Un último capítulo que contrapone analíticamente la personalidad de Rivera con la de Oribe, y practica una disección lúcida, calma, profunda, de este último personaje, permite advertir cuánto ha madurado Acevedo Díaz desde la época de NATIVA y GRITO DE GLORIA. Sin disminuir en lo más mínimo a Oribe, el novelista señala ahora sus limitaciones políticas y marca con juicio certero el momento en que el héroe erra su destino. Por eso puede escribir: "Ese varón fuerte, que había sabido conquistar laureles en la guerra y en la paz como soldado y como administrador de intereses nacionales; con más suerte que desgracia, en múltiples hechos militares y políticos; con menos yerros que éxitos, en la difícil gestión de imponerse como primaz a sus coetáneos; de buen linaje y educación suficiente para su época, perdió la oportunidad de dejar la vida en las batallas del primer lustro, si la memoria de sus actos había de estimarse como programa de futuro, y un legado a engrandecer para los espíritus superiores en el transcurso de los tiempos. Por decisión deliberada había renunciado el poder que legalmente ejercía; y al retirarse al extranjero, abandonó para siempre toda pretensión sustentada en el litigio ya concluido". Desde este punto de vista, Acevedo Díaz remata el paralelo a la Plutarco, iniciado dramáticamente en NATIVA y continuado hasta el último volante del tríptico con esta frase lúcida, de alta visión histórica: "Como el archi-caudillo (Rivera) era el único que tenía en sus manos el secreto de embravecerlos y de explotarlos en guerras de `recursos', una vez dueño de las campañas y del patrimonio, en sus mismas fuentes, quedó anulado de hecho el principio de autoridad. El general Oribe no se resolvió, como pudo, a resignarse ante este hecho, protestando contra su imposición brutal: renunció también al derecho". Para alcanzar esta visión por encima de los partidos ("sin pasión y sin divisa"), Acevedo Díaz había necesitado las dos intensas décadas que median entre la publicación de GRITO DE GLORIA y la de LANZA Y SABLE.
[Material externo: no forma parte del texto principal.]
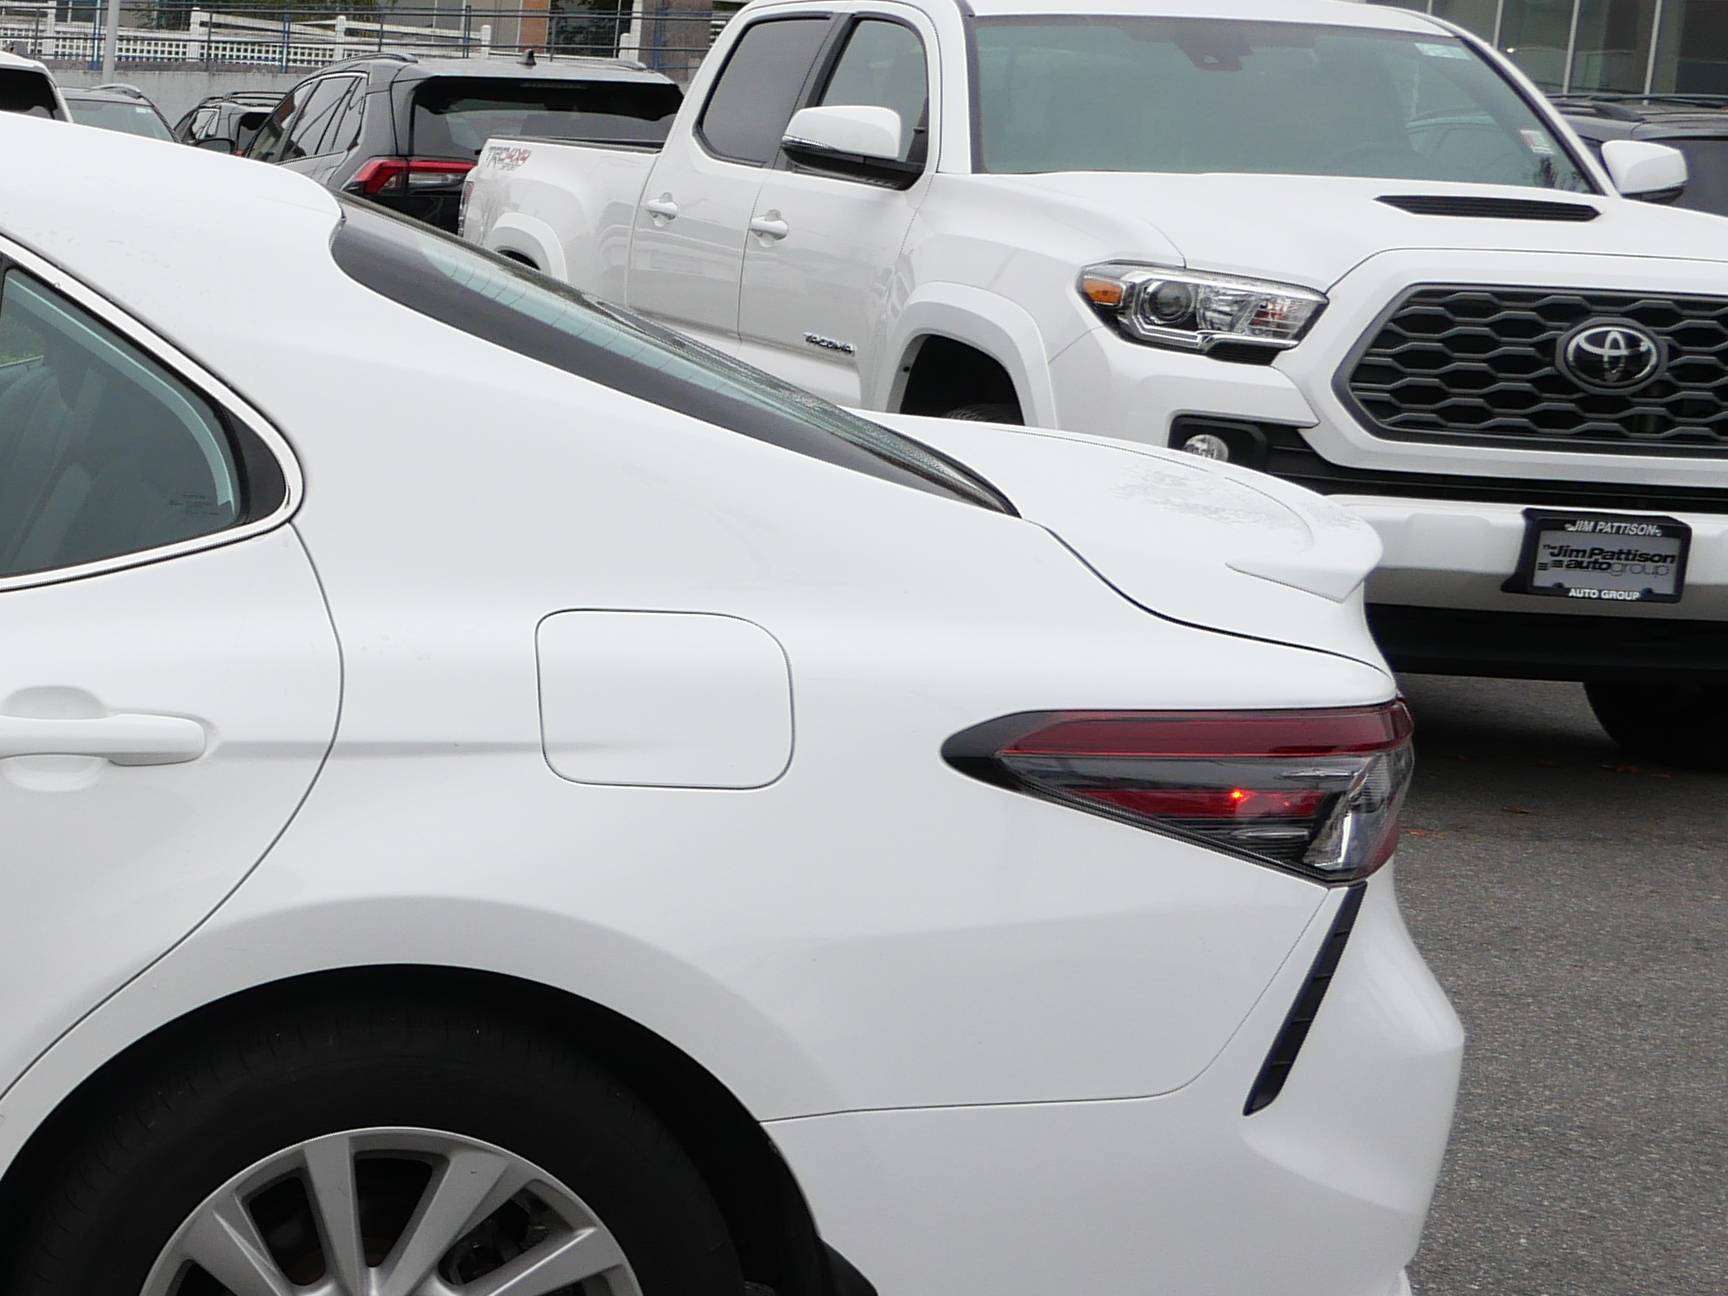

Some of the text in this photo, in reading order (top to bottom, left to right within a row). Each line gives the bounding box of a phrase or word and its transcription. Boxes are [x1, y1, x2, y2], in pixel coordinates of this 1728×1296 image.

Lo más notable de este análisis es que sobrevenga como culminación de una novela dedicada fundamentalmente a mostrar un temperamento político muy distinto al de Oribe; lo notable es que este juicio no disminuya en nada la admiración que siente Acevedo Díaz por la figura del héroe de su Partido. Pero en 1914 la visión histórica y la visión política del autor le permiten un distanciamiento que los años más peleados y mozos del 1890 y tantos no toleraban. Aquí Acevedo Díaz ha logrado esa misma objetividad épica que permite a Homero dibujar a Héctor en toda su nobleza y debilidad, a Aquiles en toda su intemperancia y fascinación. Por eso, en vez de ser un libro inferior a los otros del ciclo épico (como han afirmado críticos prejuiciados), LANZA Y SABLE revela sobre todo la madurez, la sabiduría, la difícil objetividad que ha conquistado Acevedo Díaz al término de sus trabajos y sus días.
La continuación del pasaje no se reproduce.